Sovereign Immunity Prevails, But the State Police Still Lose

Royster v. New Jersey State Police, 227 N.J. 482 (2017).  Today’s decision is a unique one.  Writing for the majority of five Justices (Justices LaVecchia, Patterson, Fernandez-Vina, Solomon, and Timpone), Justice Solomon affirmed the decision of the Appellate Division that the New Jersey State Police could properly assert the doctrine of sovereign immunity for the first time in a seven-year litigation in a post-trial motion for judgment.  The jury had awarded plaintiff $500,000 on his claim under the Americans With Disabilities Act, 42 U.S.C. §12101 to 12113 (“ADA”).

The trial court ruled that the State Police were estopped from asserting sovereign immunity at that late date.  The Appellate Division reversed, ruling that sovereign immunity was always available.  The  Supreme Court granted review, and the majority agreed with the Appellate Division about sovereign immunity.  Justice Albin, joined by Chief Justice Rabner, dissented on that issue.  But the plaintiff still ended up with a unanimous Supreme Court awarding him $500,000.  How did that happen?

Plaintiff had asserted a web of claims under the ADA, the New Jersey Law Against Discrimination, N.J.S.A. 10:5-1 to -42 (“LAD”), and the Conscientious Employee Protection Act, N.J.S.A. 34:19-1 to -14 (“CEPA”) against the State Police and other defendants.  All the claims proceeded from his ulcerative colitis.  The trial court dismissed the claims against all defendants other than the State Police on summary judgment.  At trial, the court dismissed the LAD claims as being barred by CEPA’s waiver provision.  The jury deliberated on an ADA failure to accommodate claim and a CEPA claim, and ruled for plaintiff, awarding him $500,000 on the ADA claim.  The appeal process then began, culminating in today’s Supreme Court decision.

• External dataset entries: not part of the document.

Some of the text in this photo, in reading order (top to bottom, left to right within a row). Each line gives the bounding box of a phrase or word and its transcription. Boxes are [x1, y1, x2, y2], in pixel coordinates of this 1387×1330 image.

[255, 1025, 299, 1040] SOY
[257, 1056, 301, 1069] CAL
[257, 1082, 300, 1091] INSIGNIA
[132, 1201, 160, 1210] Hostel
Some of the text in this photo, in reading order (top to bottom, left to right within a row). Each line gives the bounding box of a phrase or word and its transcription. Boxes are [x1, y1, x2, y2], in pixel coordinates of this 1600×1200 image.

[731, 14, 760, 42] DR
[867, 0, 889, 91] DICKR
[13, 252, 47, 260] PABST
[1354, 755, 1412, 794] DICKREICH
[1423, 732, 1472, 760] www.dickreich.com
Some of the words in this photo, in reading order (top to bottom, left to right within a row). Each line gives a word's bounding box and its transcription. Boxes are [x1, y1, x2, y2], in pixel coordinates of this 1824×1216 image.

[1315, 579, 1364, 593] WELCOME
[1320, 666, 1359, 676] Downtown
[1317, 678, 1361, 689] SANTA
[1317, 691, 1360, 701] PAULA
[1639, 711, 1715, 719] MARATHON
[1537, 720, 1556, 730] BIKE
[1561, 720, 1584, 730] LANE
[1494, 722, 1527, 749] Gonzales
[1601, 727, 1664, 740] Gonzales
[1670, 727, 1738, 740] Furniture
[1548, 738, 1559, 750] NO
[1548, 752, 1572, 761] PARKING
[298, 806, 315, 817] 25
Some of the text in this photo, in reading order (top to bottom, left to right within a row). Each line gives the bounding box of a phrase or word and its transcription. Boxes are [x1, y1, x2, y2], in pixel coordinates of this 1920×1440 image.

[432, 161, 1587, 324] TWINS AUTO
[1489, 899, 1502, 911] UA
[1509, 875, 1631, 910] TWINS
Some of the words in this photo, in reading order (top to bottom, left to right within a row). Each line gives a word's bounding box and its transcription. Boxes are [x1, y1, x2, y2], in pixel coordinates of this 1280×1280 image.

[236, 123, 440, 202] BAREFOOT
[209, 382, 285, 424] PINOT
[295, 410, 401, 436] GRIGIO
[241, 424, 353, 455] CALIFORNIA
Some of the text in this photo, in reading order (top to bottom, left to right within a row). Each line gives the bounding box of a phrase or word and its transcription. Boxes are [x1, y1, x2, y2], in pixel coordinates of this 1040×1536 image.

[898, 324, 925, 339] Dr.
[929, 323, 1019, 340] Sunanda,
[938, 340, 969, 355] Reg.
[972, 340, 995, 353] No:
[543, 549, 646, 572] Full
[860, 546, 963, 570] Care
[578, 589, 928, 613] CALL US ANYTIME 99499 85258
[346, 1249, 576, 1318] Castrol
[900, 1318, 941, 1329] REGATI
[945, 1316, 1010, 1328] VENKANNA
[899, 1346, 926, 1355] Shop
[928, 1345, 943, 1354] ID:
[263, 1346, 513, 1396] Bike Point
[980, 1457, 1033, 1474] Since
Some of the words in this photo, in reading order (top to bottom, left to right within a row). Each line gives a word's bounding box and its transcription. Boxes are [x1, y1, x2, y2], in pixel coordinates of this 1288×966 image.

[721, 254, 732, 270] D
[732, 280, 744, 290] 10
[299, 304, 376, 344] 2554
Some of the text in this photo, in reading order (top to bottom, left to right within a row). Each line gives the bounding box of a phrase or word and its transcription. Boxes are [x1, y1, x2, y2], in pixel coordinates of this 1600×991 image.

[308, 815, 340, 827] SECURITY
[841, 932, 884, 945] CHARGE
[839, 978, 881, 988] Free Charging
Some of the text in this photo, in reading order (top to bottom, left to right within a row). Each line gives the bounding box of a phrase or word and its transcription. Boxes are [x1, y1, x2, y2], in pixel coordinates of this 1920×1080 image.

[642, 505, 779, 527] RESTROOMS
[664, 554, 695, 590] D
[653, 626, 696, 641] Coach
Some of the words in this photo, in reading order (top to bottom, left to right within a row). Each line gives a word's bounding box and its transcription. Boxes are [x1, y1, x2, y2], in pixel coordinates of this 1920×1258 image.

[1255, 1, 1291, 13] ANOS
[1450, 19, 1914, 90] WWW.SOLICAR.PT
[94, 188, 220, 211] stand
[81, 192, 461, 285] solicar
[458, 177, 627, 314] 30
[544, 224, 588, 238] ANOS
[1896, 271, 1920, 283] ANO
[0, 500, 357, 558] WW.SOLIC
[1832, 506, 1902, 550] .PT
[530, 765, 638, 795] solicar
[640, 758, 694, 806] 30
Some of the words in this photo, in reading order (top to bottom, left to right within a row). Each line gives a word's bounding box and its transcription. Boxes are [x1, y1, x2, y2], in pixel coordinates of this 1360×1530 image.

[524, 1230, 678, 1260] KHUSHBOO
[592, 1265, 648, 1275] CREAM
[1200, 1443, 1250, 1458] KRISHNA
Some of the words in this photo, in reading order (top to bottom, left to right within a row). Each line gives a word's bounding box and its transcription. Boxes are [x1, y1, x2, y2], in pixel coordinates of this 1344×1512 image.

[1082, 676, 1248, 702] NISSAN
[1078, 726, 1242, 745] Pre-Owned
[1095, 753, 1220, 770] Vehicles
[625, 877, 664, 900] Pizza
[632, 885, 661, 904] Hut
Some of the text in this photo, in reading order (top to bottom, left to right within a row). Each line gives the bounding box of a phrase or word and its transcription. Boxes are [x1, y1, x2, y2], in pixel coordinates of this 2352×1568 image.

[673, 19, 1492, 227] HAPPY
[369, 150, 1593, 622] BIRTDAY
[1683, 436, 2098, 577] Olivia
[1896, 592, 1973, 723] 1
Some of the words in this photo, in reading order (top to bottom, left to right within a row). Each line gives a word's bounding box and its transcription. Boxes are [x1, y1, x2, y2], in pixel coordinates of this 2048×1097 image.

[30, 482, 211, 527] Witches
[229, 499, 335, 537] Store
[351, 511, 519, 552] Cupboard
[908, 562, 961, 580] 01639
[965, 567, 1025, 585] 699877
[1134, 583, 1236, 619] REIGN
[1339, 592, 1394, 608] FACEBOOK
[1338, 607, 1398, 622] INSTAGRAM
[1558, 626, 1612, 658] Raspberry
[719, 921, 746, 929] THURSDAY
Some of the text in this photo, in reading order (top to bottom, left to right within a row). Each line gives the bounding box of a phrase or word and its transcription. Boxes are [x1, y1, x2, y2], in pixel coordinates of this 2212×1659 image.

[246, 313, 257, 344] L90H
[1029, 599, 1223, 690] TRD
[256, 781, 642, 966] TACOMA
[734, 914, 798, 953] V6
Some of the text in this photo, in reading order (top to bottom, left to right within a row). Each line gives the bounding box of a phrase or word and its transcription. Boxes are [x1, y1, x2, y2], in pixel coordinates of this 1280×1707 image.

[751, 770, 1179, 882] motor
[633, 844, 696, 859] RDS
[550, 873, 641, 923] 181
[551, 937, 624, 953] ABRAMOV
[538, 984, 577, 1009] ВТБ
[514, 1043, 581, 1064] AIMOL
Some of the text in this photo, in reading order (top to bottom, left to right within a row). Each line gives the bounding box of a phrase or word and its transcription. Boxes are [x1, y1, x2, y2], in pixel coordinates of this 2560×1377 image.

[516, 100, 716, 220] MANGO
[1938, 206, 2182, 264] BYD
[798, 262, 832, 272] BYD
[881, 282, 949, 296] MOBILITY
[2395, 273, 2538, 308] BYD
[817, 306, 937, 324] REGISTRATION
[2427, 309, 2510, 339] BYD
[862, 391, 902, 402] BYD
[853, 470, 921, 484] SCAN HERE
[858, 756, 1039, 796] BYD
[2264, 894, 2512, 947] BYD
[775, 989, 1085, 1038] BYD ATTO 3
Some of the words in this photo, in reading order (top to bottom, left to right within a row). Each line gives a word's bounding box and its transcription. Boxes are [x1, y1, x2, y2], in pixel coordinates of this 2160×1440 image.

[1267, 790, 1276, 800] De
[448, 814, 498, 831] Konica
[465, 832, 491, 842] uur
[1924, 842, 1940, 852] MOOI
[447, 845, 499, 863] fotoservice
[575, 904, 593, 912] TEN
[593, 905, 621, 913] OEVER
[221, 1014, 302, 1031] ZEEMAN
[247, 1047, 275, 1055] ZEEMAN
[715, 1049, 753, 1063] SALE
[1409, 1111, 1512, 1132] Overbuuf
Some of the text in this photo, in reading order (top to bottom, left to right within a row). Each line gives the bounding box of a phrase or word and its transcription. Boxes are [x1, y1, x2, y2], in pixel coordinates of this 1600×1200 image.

Justice Solomon applied the de novo standard of review to the purely legal issue of sovereign immunity.  After reviewing the background of sovereign immunity, he confronted plaintiff’s argument against its applicability here.  There was no dispute that the State Police is an arm of the State that could invoke sovereign immunity.  The Legislature had the ability to waive, by statute, sovereign immunity for claims under the ADA.  But the Legislature did not do that, and in the absence of such a “clear and unequivocal expression of consent to be sued under the ADA,” sovereign immunity applied.

The State Police’s litigation conduct did not waive the immunity either.  The State Police merely defended the case that was brought.  It never affirmatively invoked the court’s jurisdiction, an act that could have constituted a bar to sovereign immunity.

Justice Solomon also rejected the idea that an estoppel barred the assertion of sovereign immunity.  Estoppel is “rarely invoked against a governmental entity,” and in any event it requires a misrepresentation of material fact.  No such misrepresentation was made here.  Plaintiff was aware that the State Police is an arm of the State, and the State Police did not waive immunity “by simply defending the claims against it.”

But the Court then rescued plaintiff by finding that his LAD claims were wrongly dismissed.  The LAD contains an express waiver of sovereign immunity, so that was not an issue as to the LAD claims.  The CEPA waiver that formed the basis for the dismissal of the LAD claims applied only to retaliatory conduct claims that are also actionable under CEPA.  But plaintiff also had a failure to accommodate claim under the LAD, one that paralleled the ADA claim on which the jury awarded damages.  That claim should not have been dismissed.  And since that claim and the ADA failure to accommodate claim were substantially identical, the jury would have awarded $500,000 on the LAD claim (as it did on the ADA claim) had the LAD claim not wrongly been dismissed.  Accordingly, Justice Solomon directed, “in the interests of justice,” that the jury verdict be molded to award damages on the LAD failure to accommodate claim.

The dissenters agreed with that “eminently equitable outcome.”  But they would have gotten to the same result more directly, by holding that the State Police’s litigation conduct constituted a waiver of sovereign immunity.  The fact that the Legislature had not adopted a statute that gave up sovereign immunity on ADA claims was not dispositive, Justice Albin said.  Since sovereign immunity is a common law doctrine, the Court had the ability to “recognize a litigation-conduct exception to sovereign immunity.”  The Supreme Court of the United States had done that in the analogous context of Eleventh Amendment immunity.

The dissenters seemed to have the better of the argument on sovereign immunity.  But the plaintiff likely cares little about how the Court came out on that issue.  He got his jury verdict back, though in slightly different form.